The inferior breaking point of the coracoid osteotomy is determined by milling the inferior cortex of the coracoid. For this procedure, a burr is inserted through the anterolateral portal (D) and visualized via the anteromedial portal (E). After the inferior cortex is weakened, the osteotomy is carried out with a curved chisel inserted through the supracoracoid portal (H; Fig. 26.9 ).
After completion of the osteotomy, the positioning device is introduced through the deep anteromedial portal (E) and the coracoid is fixed to the device with two screws. The inferior cortex of the coracoid is decorticated and shaped to fit onto the glenoid defect using a burr or a rasp via the anterolateral portal (D; Fig. 26.10 ).

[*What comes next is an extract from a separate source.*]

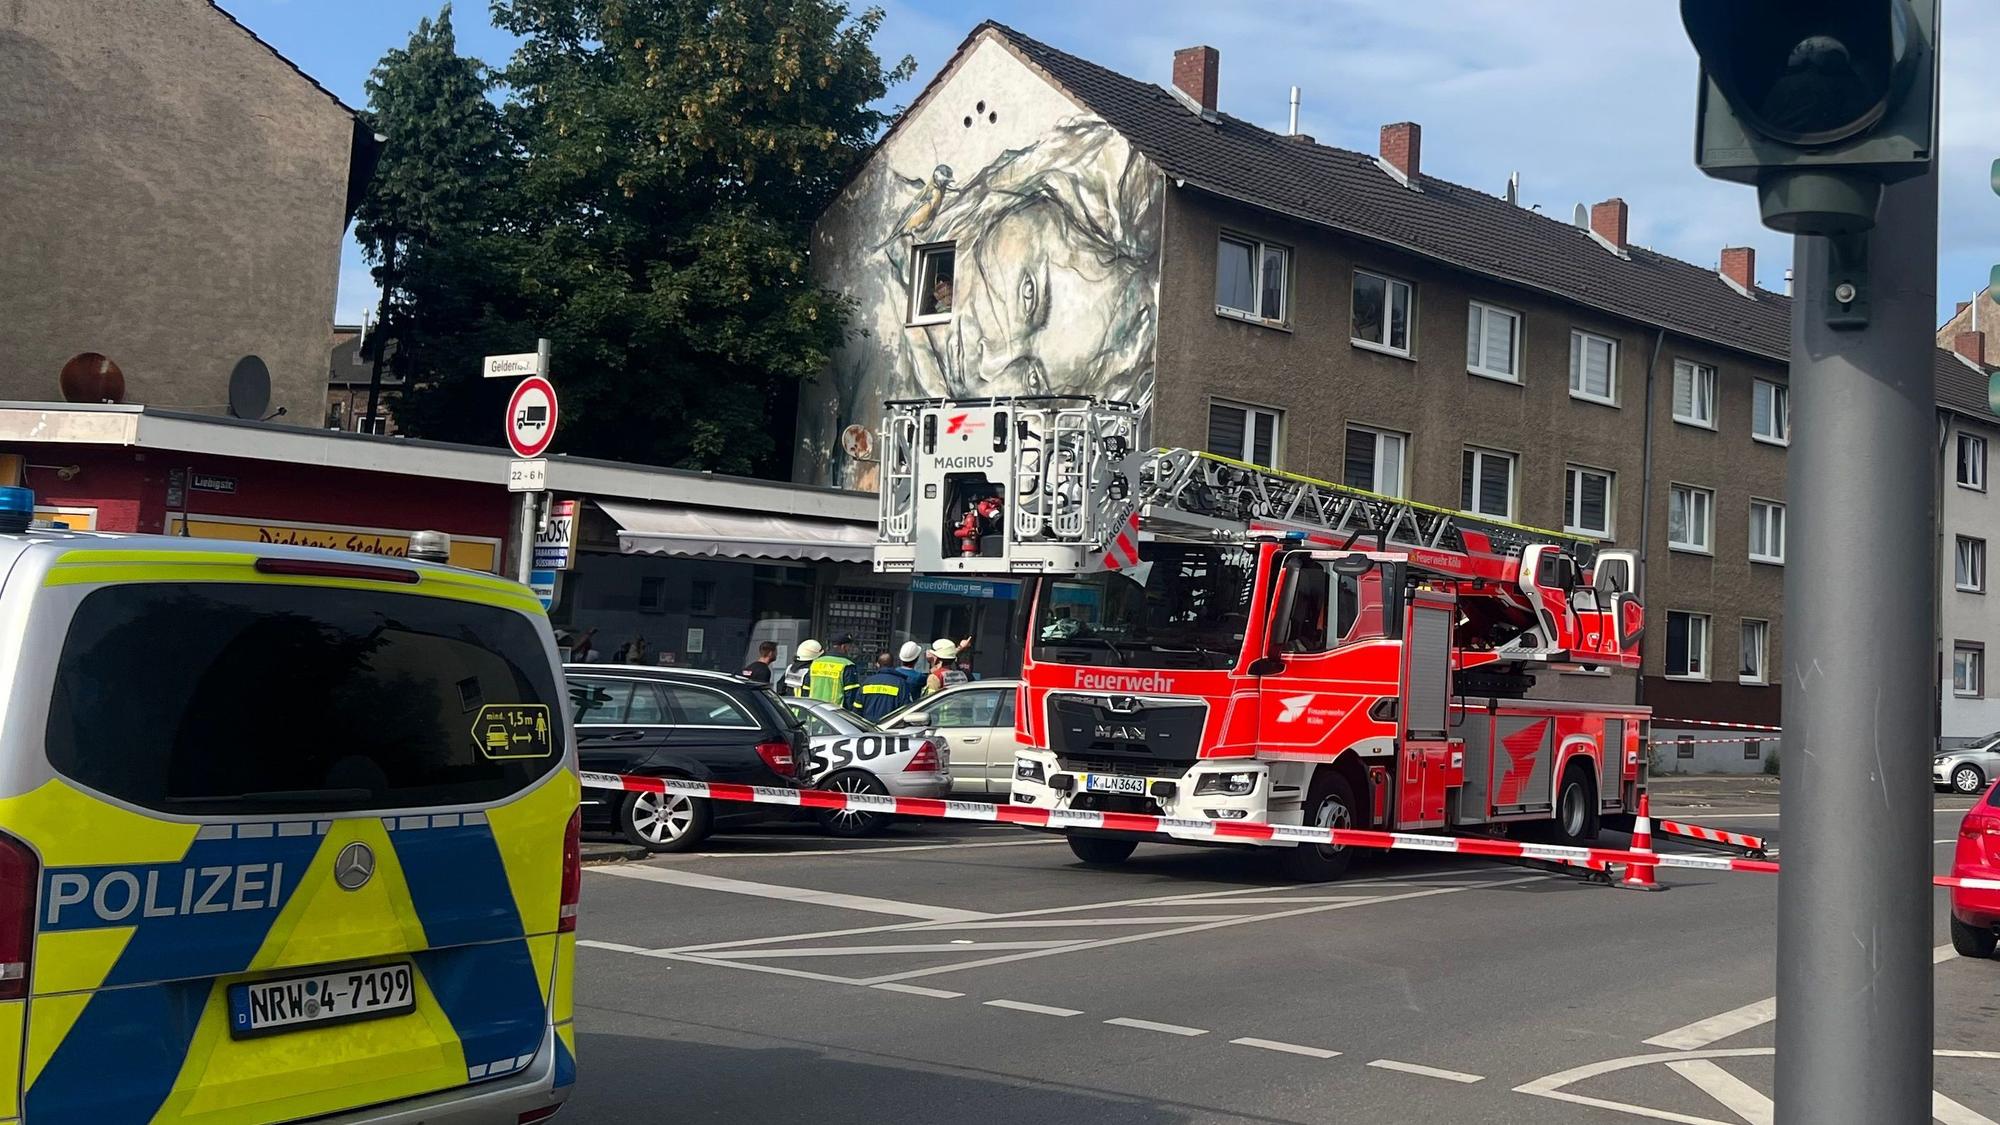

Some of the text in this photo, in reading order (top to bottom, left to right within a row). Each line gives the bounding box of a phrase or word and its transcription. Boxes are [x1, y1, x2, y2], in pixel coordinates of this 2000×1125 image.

The positioning device in the inferior anteromedial portal (I) is consecutively used to maneuver the coracoid through the subscapularis split and to put it onto the glenoid defect. The switching in the posterior portal (A) is used as a retractor for this step. The ideal position of the coracoid on the anterior glenoid is between the 3 and 5 o’clock positions. The graft needs to be flush with the glenoid defect and the joint level. The coracoid is then temporarily fixed with two long K-wires that pass the positioning device, the coracoid, and the glenoid in the correct level of anteversion (~30 degrees) before they penetrate the posterior skin.
The cannulated drill is used to create two drill holes. The length of the drill tunnels can be read from the drill. Afterward, two cannulated screws are tightened alternately, while the compression of the coracoid to the glenoid is checked arthroscopically via the deep anterolateral portal ( Fig. 26.11 ).
The position of the graft is finally visualized from different perspectives in order to avoid parallax errors ( Fig. 26.12 ). A lateral overhang of the graft can be reduced with a burr.